Updated: Sep 29, 2022

Allegra G. Hawkins, PhD. Alex's Lemonade Stand Foundation. Joshua A. Shapiro, PhD. Alex's Lemonade Stand Foundation. Chante Bethell, BS. Alex's Lemonade Stand Foundation. David S. Mejia. HSD. Alex's Lemonade Stand Foundation. Deepa Prasad, MS. Alex's Lemonade Stand Foundation. Nozomi Ichihara, AS. Alex's Lemonade Stand Foundation. Arkadii Yakovets, MS. Alex's Lemonade Stand Foundation. Kurt Wheeler, BS. Alex's Lemonade Stand Foundation (former); Reify Health (current). Steven Foltz PhD. Alex's Lemonade Stand Foundation; University of Pennsylvania. Jennifer O'Malley, MA. Alex's Lemonade Stand Foundation. Stephanie J. Spielman, PhD. Alex's Lemonade Stand Foundation. Jaclyn N. Taroni, PhD. Alex's Lemonade Stand Foundation.

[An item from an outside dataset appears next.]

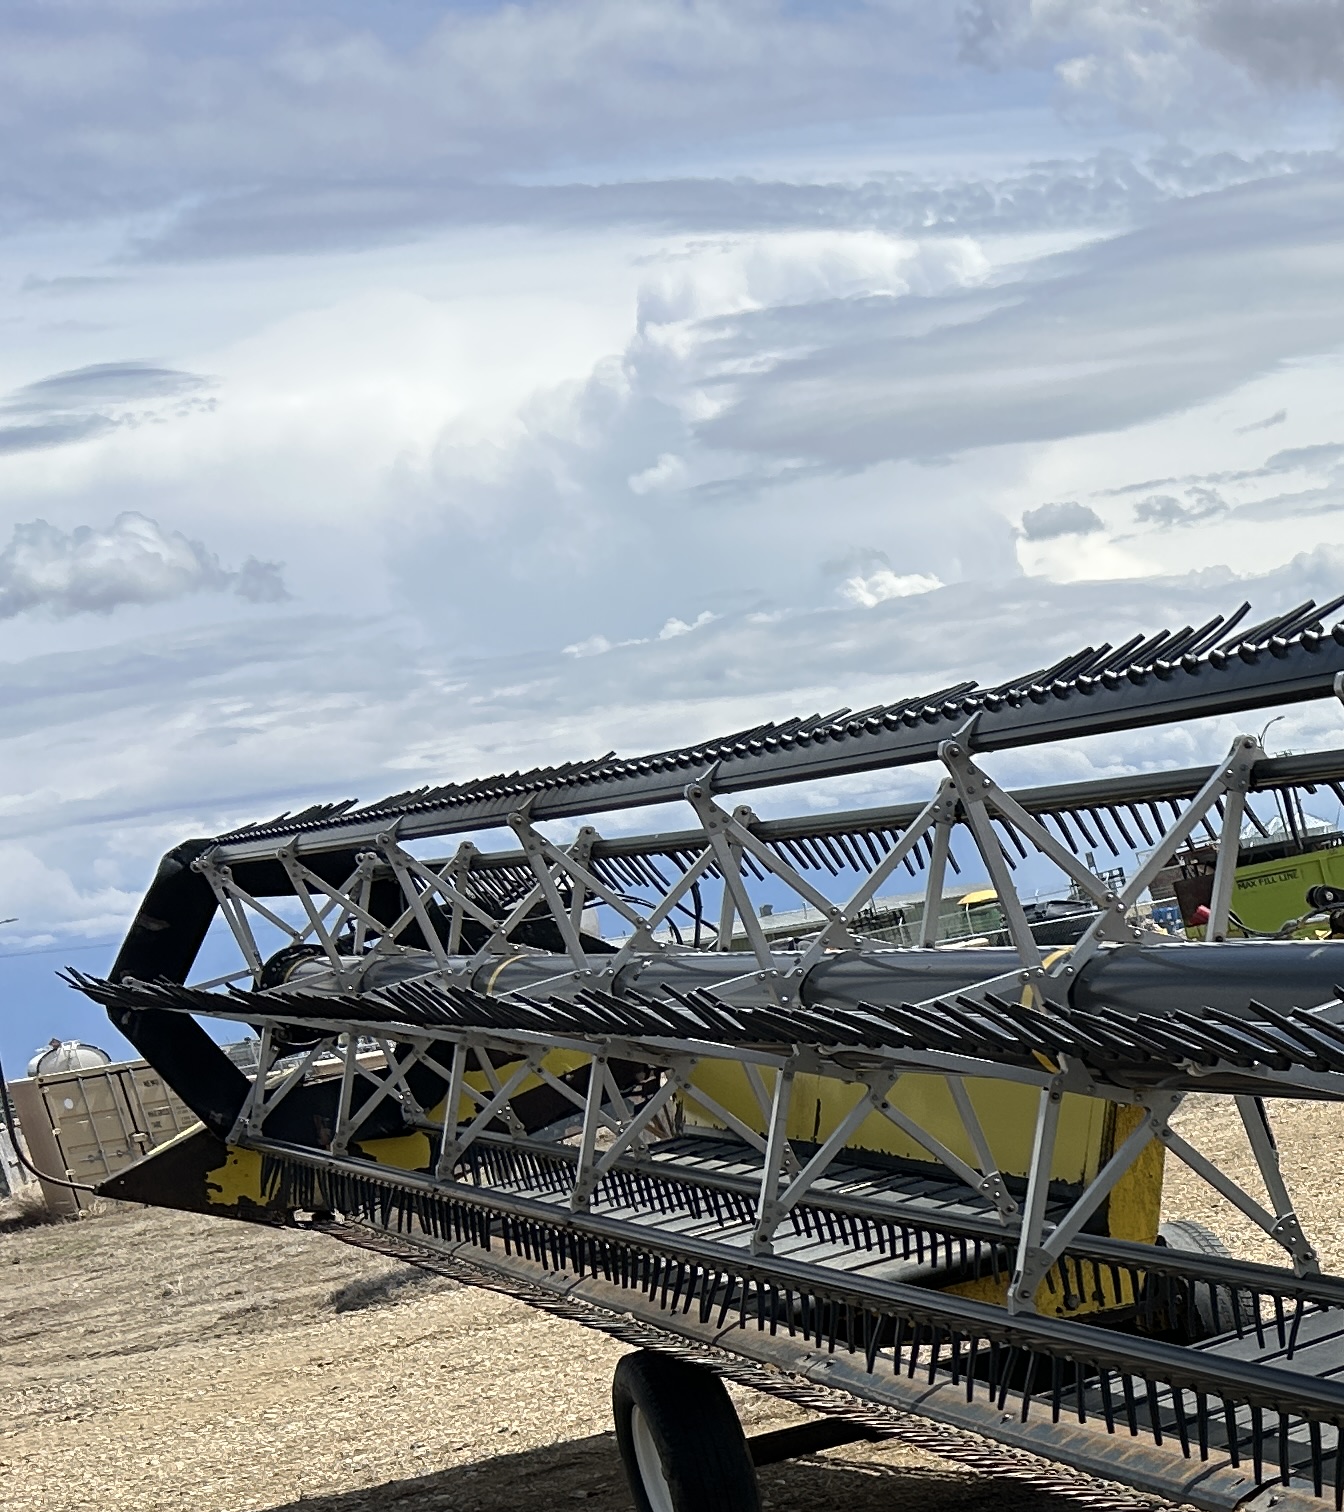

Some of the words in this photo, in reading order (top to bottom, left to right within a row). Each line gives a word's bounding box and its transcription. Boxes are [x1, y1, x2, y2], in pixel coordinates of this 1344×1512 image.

[1237, 880, 1258, 890] MAX
[1259, 876, 1278, 886] FILL
[1279, 871, 1300, 882] LINE

In 2019, Alex's Lemonade Stand Foundation funded 10 projects to characterize the transcriptomic landscape of pediatric cancers at single-cell resolution. We introduce the Single-cell Pediatric Cancer Atlas (ScPCA), an open-source data and code resource for single-cell and single-nuclei RNA sequencing data of pediatric tumors. To facilitate widespread usage of the data produced by these projects by the research community, the Childhood Cancer Data Lab (CCDL) developed an open-source pipeline to uniformly process raw sequencing data and release results in the accompanying ScPCA Portal (https://scpca.alexslemonade.org/). As of August 2022, the portal contains 260 samples from a diverse set of over 27 types of cancers. All data were processed using a Nextflow pipeline based around alevin-fry, which allows for fast and efficient processing of single-cell RNA-seq data, as well as the associated CITE-seq and cellhash data used by some ScPCA projects. Quantification of spatial transcriptomics data is also supported. The workflow is available as an open-source resource at https://github.com/AlexsLemonade/scpca-nf, allowing researchers to leverage this pipeline for their own datasets. Finally, we are currently developing an additional open-source workflow (https://github.com/AlexsLemonade/scpca-downstream-analyses) to support downstream analyses, including filtering, normalization, dimensionality reduction, and clustering on single-cell and/or single-nuclei quantified transcriptomic data. All of these ScPCA resources have comprehensive documentation to support new users.